Trapani – Come annunciato, prende il via l’operazione di “baratto amministrativo” come previsto dall’apposito regolamento comunale approvato nel marzo 2019. In sostanza, a fronte di una riduzione del tributo da versare (in questo caso della TARI), il contribuente sotto soglia ISEE offre all’Ente e dunque all’intera città una prestazione lavorativa di pubblica utilità fino a compensazione di quanto dovuto. Sedici persone – già formate ai fini della sicurezza sul lavoro e dotate di kit nonché previa visita medica – suddivise in squadre di lavoro composte da due unità, effettueranno attività di spazzamento al centro storico ed al rione Sant’Alberto dalle 7 alle 13 e dalle 13 alle 19 muniti di scopa, paletta e piccola zappa per la scerbatura . Al centro della città, saranno interessate dall’attività via Orfani e traverse, via Mercé e traverse, via Poeta Calvino e traverse, via Giudecca e traverse, via Catito e traverse, via San Pietro e traverse, via Balì Cavarretta e traverse, Corso Italia e traverse, via Ammiraglio Staiti e traverse ed il lungomare da piazza ex Mercato del Pesce a piazza Vittorio.

Al rione Sant’Alberto, invece, previsto spazzamento in viale Regione Siciliana, via Michele Amari, via Giardinetto, via Canale Scalabrino, via Ugo Bassi.
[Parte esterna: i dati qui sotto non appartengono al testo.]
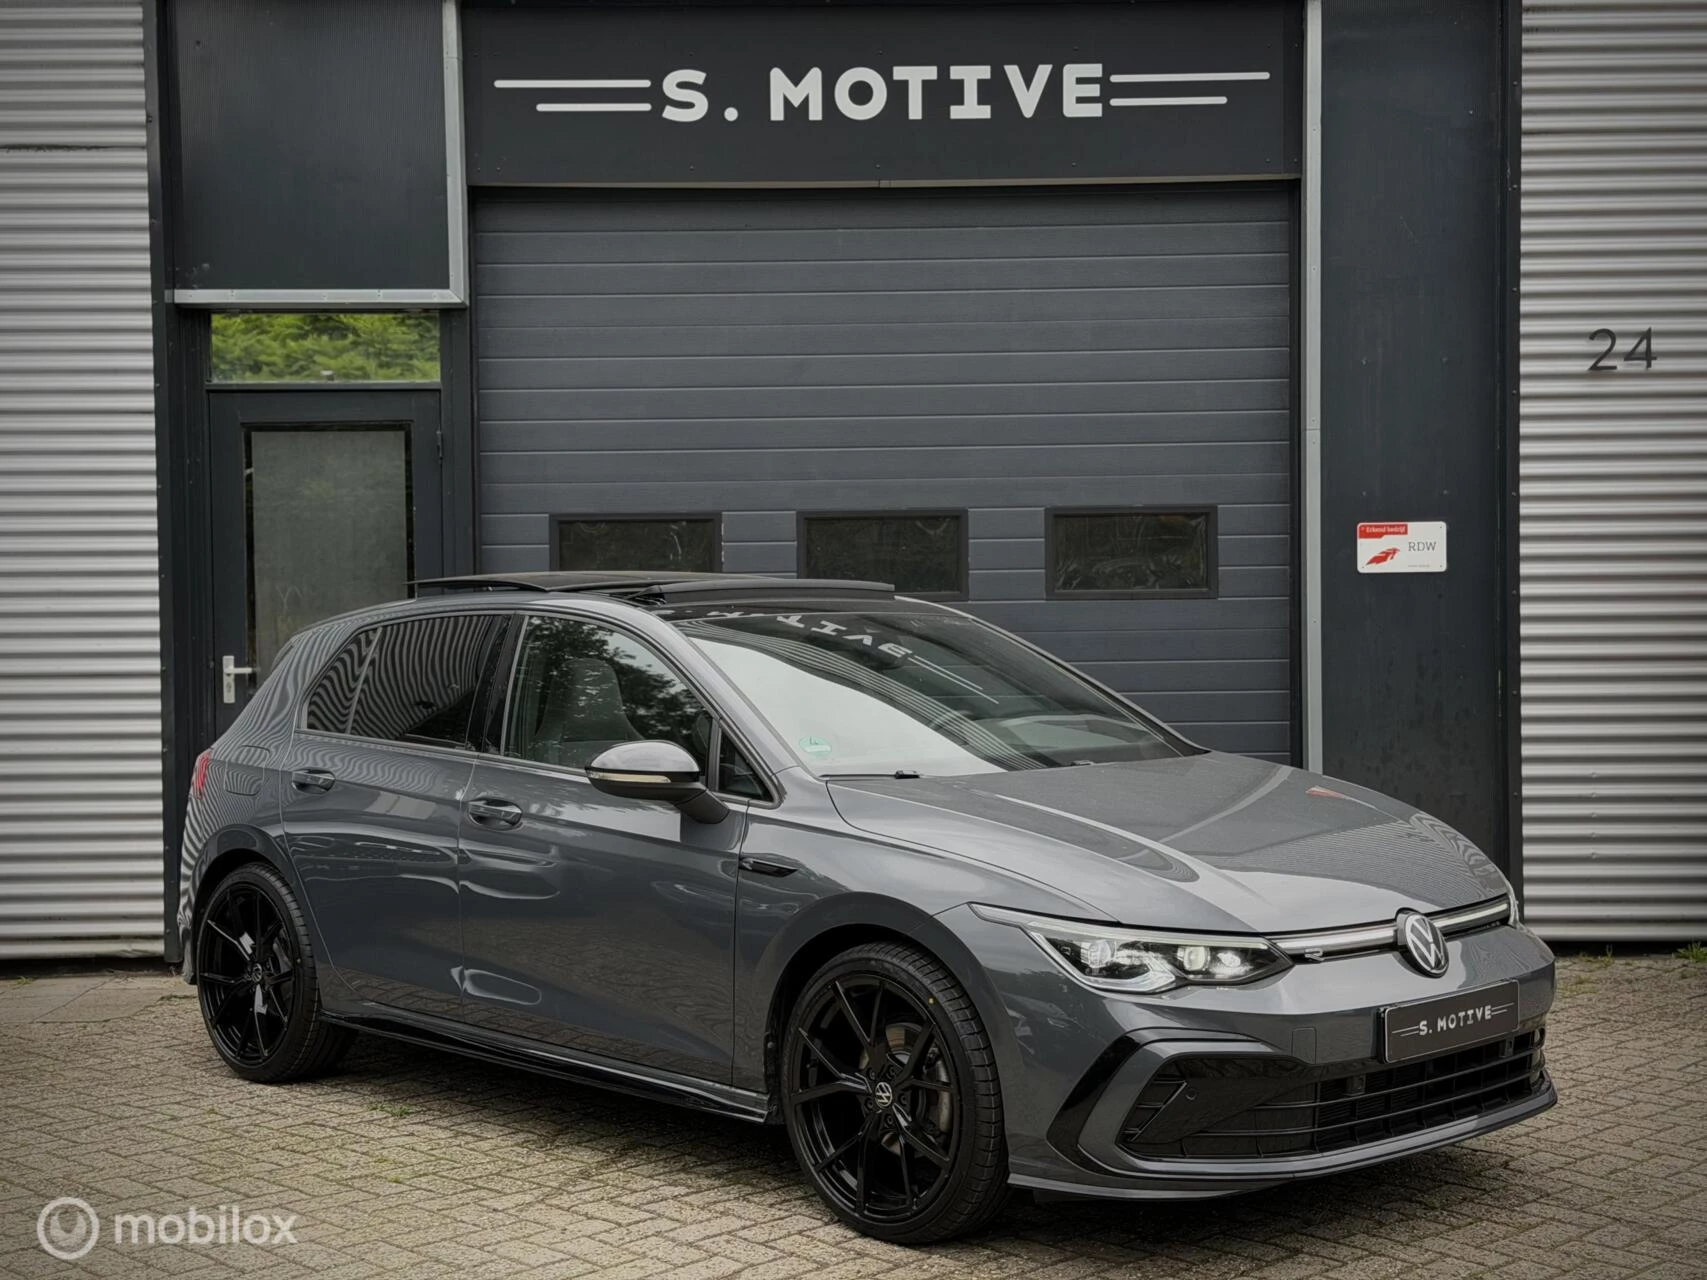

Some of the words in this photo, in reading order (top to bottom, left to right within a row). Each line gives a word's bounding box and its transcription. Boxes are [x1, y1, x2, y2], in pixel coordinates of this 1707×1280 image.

[662, 69, 739, 122] S.
[769, 63, 1103, 121] MOTIVE
[1588, 327, 1657, 371] 24
[1408, 541, 1437, 552] RDW
[1419, 1020, 1433, 1036] S.
[1437, 1005, 1492, 1032] MOTIVE
Prevista anche la pulizia di via Monte San Giuliano, via Degli Stabilimenti, corso Piersanti Mattarella, viale Marche, viale Umbria, viale Emilia Romagna e via Leoncavallo. «Abbiamo voluto incontrare personalmente le persone che grazie al baratto amministrativo avranno uno sconto sulla tari partecipando a lavori di pubblica utilità – dichiarano il Sindaco Tranchida e l’Assessore Romano -. Grazie a tutti loro perché con l’esempio lavorativo non solo si sono guadagnati lo sconto sulle tasse ma hanno meritato di ottenerlo facendo un’attività d’interesse pubblico come collaborare nel mantenere più pulita e dunque bella la nostra città».